● What is being asked
A word-for-word copy of the records is needed, with every picture left out.
Material provided Start Marker
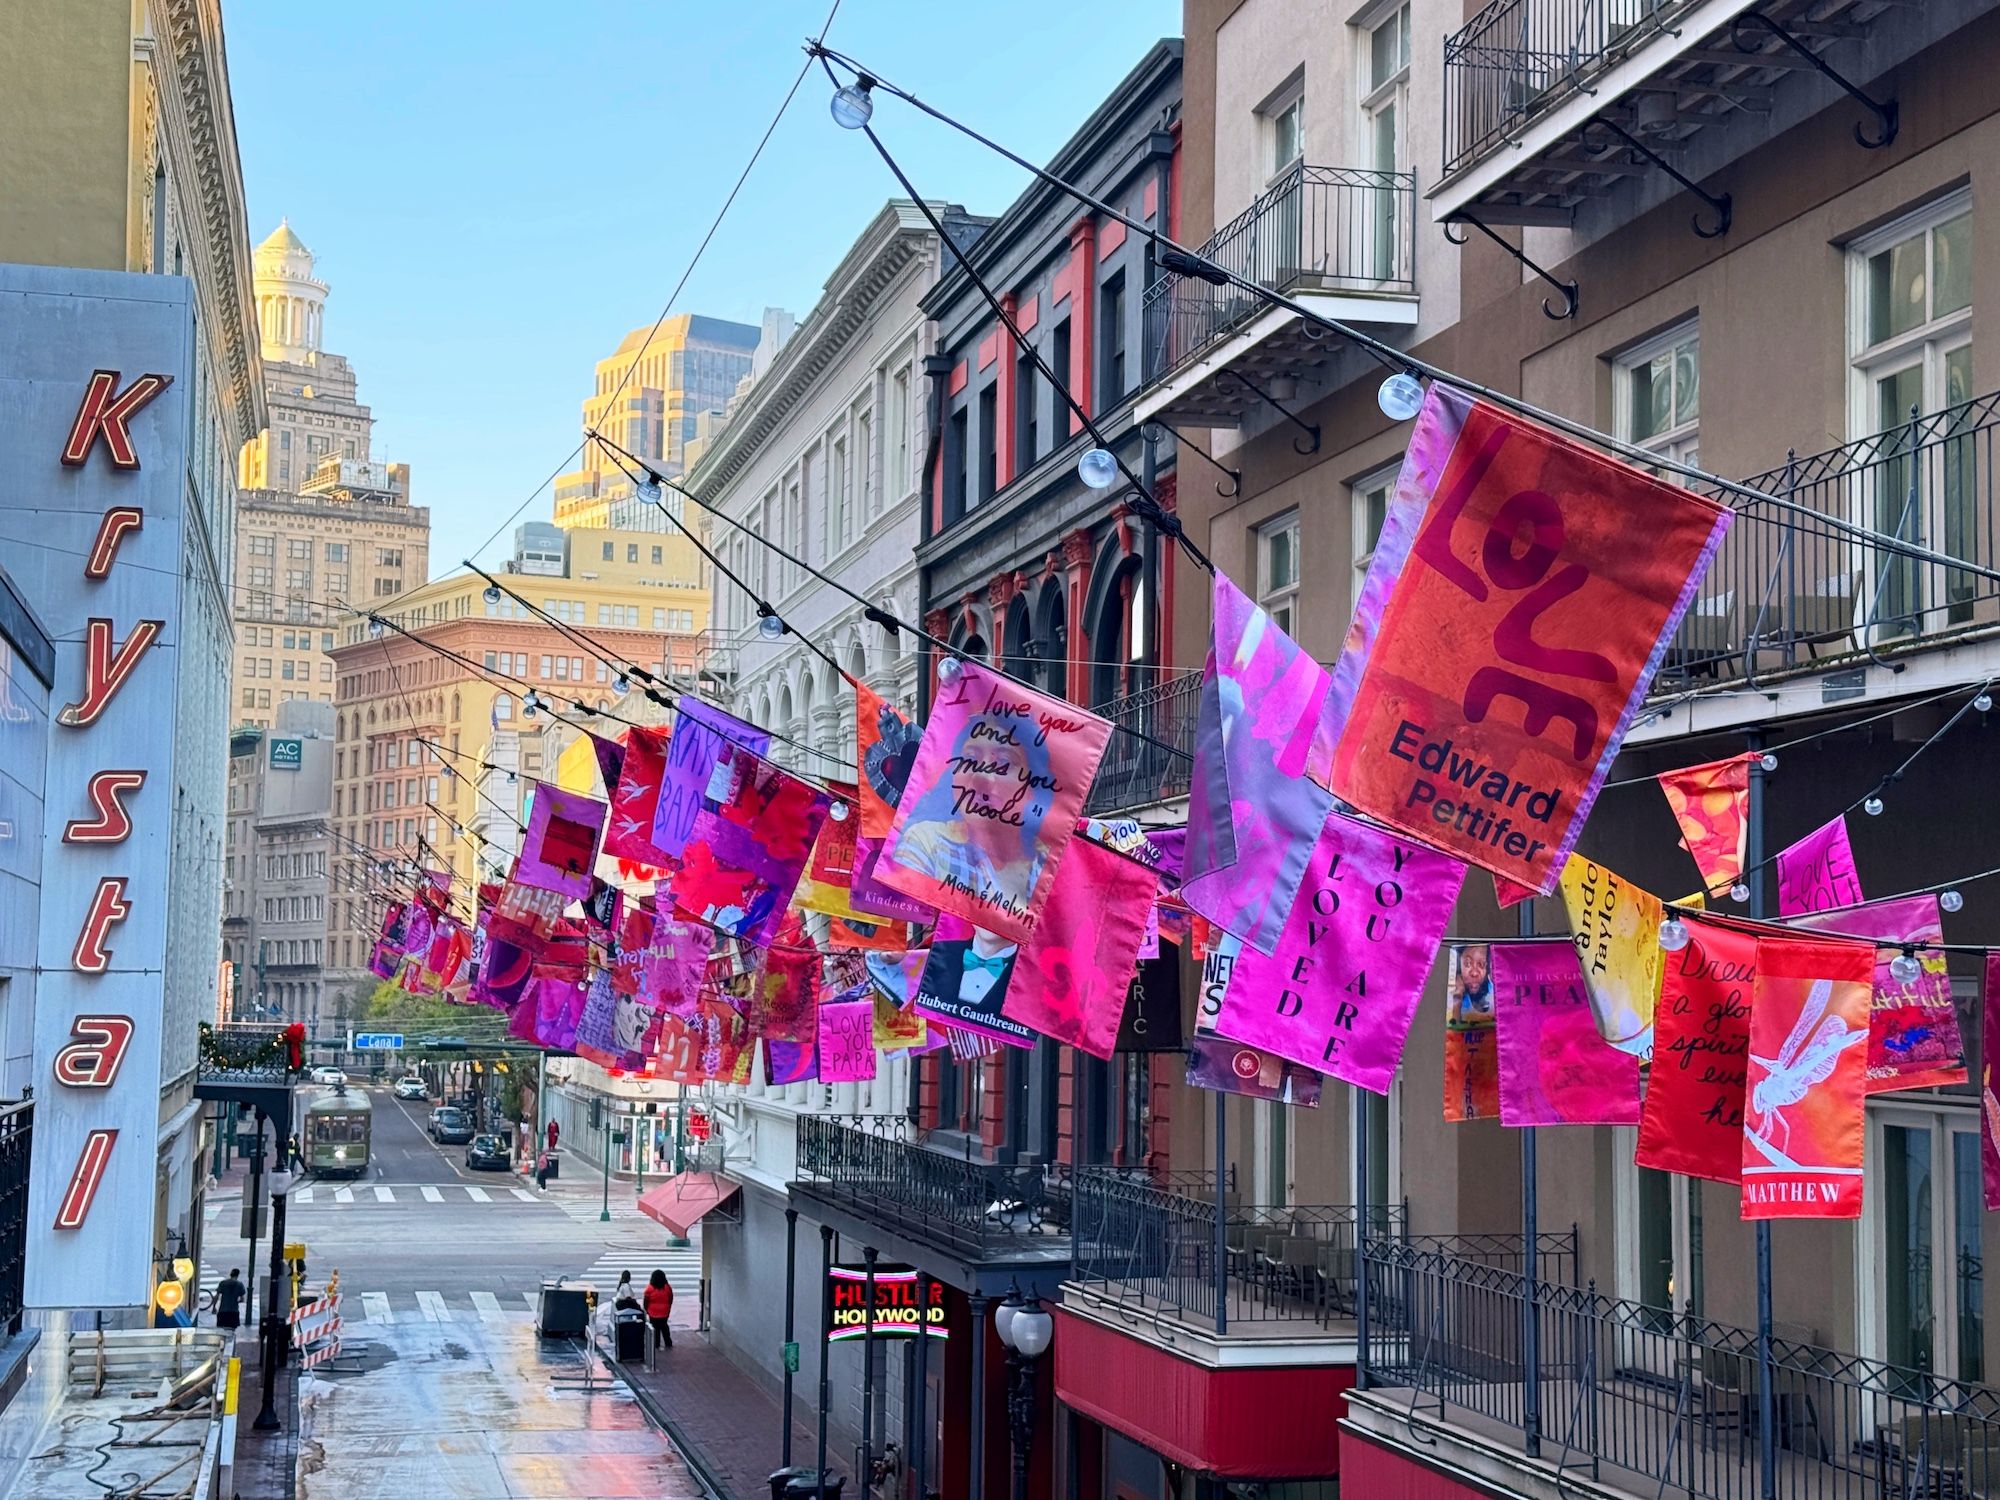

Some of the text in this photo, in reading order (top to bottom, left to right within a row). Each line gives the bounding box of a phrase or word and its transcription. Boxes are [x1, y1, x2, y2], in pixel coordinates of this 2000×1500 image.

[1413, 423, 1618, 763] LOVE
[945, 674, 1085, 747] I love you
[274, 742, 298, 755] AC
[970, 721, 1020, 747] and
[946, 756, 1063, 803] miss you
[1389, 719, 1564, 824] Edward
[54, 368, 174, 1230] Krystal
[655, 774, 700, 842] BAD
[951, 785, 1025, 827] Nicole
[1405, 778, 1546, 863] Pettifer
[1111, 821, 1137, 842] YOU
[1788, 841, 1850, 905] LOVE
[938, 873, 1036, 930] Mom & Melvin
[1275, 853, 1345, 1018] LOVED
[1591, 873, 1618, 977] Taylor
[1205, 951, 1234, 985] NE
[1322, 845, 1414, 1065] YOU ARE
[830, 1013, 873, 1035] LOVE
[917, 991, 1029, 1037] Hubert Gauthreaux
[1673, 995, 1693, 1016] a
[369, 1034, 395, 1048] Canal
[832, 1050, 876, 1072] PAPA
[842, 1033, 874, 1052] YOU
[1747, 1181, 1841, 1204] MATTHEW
Material provided End Marker
● Solution for this exercise
Some of the text in this photo, in reading order (top to bottom, left to right within a row). Each line gives the bounding box of a phrase or word and its transcription. Boxes are [x1, y1, x2, y2], in pixel coordinates of this 2000×1500 image.

[1413, 423, 1618, 763] LOVE
[945, 674, 1085, 747] I love you
[274, 742, 298, 755] AC
[970, 721, 1020, 747] and
[946, 756, 1063, 803] miss you
[1389, 719, 1564, 824] Edward
[54, 368, 174, 1230] Krystal
[655, 774, 700, 842] BAD
[951, 785, 1025, 827] Nicole
[1405, 778, 1546, 863] Pettifer
[1111, 821, 1137, 842] YOU
[1788, 841, 1850, 905] LOVE
[938, 873, 1036, 930] Mom & Melvin
[1275, 853, 1345, 1018] LOVED
[1591, 873, 1618, 977] Taylor
[1205, 951, 1234, 985] NE
[1322, 845, 1414, 1065] YOU ARE
[830, 1013, 873, 1035] LOVE
[917, 991, 1029, 1037] Hubert Gauthreaux
[1673, 995, 1693, 1016] a
[369, 1034, 395, 1048] Canal
[832, 1050, 876, 1072] PAPA
[842, 1033, 874, 1052] YOU
[1747, 1181, 1841, 1204] MATTHEW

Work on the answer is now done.